> **TASK**:
Restate all the data word for word, leaving nothing out.

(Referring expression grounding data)

==========

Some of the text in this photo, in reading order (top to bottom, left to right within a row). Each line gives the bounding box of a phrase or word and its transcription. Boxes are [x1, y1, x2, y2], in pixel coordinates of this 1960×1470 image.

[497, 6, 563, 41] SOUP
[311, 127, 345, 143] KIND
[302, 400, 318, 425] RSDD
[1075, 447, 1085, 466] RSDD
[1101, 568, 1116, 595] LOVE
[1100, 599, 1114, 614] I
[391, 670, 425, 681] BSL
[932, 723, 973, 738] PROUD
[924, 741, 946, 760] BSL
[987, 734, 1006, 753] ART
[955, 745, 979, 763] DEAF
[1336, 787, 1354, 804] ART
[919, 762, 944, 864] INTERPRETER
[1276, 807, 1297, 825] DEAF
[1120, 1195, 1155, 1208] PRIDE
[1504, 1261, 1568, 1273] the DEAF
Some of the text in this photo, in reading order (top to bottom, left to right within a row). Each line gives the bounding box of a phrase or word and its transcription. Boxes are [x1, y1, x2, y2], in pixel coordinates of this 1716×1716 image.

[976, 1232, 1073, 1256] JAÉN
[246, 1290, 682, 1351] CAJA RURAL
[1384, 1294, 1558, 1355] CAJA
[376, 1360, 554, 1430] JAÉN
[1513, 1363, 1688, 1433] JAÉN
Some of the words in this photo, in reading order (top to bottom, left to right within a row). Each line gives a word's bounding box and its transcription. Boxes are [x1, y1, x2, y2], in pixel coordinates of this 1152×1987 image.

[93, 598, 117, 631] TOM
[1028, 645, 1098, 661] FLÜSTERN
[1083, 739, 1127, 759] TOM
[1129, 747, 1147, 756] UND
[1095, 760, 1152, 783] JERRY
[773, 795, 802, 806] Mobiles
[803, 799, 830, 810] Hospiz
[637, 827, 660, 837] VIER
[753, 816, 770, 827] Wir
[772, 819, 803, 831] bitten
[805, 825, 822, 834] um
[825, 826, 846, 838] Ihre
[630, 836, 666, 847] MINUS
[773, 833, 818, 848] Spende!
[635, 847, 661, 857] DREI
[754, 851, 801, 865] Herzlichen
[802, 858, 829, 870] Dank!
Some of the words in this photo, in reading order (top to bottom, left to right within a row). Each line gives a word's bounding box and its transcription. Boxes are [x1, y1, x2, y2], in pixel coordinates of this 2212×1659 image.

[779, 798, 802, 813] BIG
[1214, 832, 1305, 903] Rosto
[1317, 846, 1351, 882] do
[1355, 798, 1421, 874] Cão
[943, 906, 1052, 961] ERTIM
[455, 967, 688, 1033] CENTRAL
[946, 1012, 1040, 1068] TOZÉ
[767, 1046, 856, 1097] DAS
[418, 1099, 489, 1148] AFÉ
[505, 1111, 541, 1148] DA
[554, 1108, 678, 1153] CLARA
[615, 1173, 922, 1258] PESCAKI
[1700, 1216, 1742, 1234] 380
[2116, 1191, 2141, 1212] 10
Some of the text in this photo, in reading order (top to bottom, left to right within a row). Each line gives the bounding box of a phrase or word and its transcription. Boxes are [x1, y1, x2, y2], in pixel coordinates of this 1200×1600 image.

==========

> **ANSWER TO THIS PROBLEM**:
Some of the text in this photo, in reading order (top to bottom, left to right within a row). Each line gives the bounding box of a phrase or word and its transcription. Boxes are [x1, y1, x2, y2], in pixel coordinates of this 1960×1470 image.

[497, 6, 563, 41] SOUP
[311, 127, 345, 143] KIND
[302, 400, 318, 425] RSDD
[1075, 447, 1085, 466] RSDD
[1101, 568, 1116, 595] LOVE
[1100, 599, 1114, 614] I
[391, 670, 425, 681] BSL
[932, 723, 973, 738] PROUD
[924, 741, 946, 760] BSL
[987, 734, 1006, 753] ART
[955, 745, 979, 763] DEAF
[1336, 787, 1354, 804] ART
[919, 762, 944, 864] INTERPRETER
[1276, 807, 1297, 825] DEAF
[1120, 1195, 1155, 1208] PRIDE
[1504, 1261, 1568, 1273] the DEAF
Some of the text in this photo, in reading order (top to bottom, left to right within a row). Each line gives the bounding box of a phrase or word and its transcription. Boxes are [x1, y1, x2, y2], in pixel coordinates of this 1716×1716 image.

[976, 1232, 1073, 1256] JAÉN
[246, 1290, 682, 1351] CAJA RURAL
[1384, 1294, 1558, 1355] CAJA
[376, 1360, 554, 1430] JAÉN
[1513, 1363, 1688, 1433] JAÉN
Some of the words in this photo, in reading order (top to bottom, left to right within a row). Each line gives a word's bounding box and its transcription. Boxes are [x1, y1, x2, y2], in pixel coordinates of this 1152×1987 image.

[93, 598, 117, 631] TOM
[1028, 645, 1098, 661] FLÜSTERN
[1083, 739, 1127, 759] TOM
[1129, 747, 1147, 756] UND
[1095, 760, 1152, 783] JERRY
[773, 795, 802, 806] Mobiles
[803, 799, 830, 810] Hospiz
[637, 827, 660, 837] VIER
[753, 816, 770, 827] Wir
[772, 819, 803, 831] bitten
[805, 825, 822, 834] um
[825, 826, 846, 838] Ihre
[630, 836, 666, 847] MINUS
[773, 833, 818, 848] Spende!
[635, 847, 661, 857] DREI
[754, 851, 801, 865] Herzlichen
[802, 858, 829, 870] Dank!
Some of the words in this photo, in reading order (top to bottom, left to right within a row). Each line gives a word's bounding box and its transcription. Boxes are [x1, y1, x2, y2], in pixel coordinates of this 2212×1659 image.

[779, 798, 802, 813] BIG
[1214, 832, 1305, 903] Rosto
[1317, 846, 1351, 882] do
[1355, 798, 1421, 874] Cão
[943, 906, 1052, 961] ERTIM
[455, 967, 688, 1033] CENTRAL
[946, 1012, 1040, 1068] TOZÉ
[767, 1046, 856, 1097] DAS
[418, 1099, 489, 1148] AFÉ
[505, 1111, 541, 1148] DA
[554, 1108, 678, 1153] CLARA
[615, 1173, 922, 1258] PESCAKI
[1700, 1216, 1742, 1234] 380
[2116, 1191, 2141, 1212] 10
Some of the text in this photo, in reading order (top to bottom, left to right within a row). Each line gives the bounding box of a phrase or word and its transcription. Boxes are [x1, y1, x2, y2], in pixel coordinates of this 1200×1600 image.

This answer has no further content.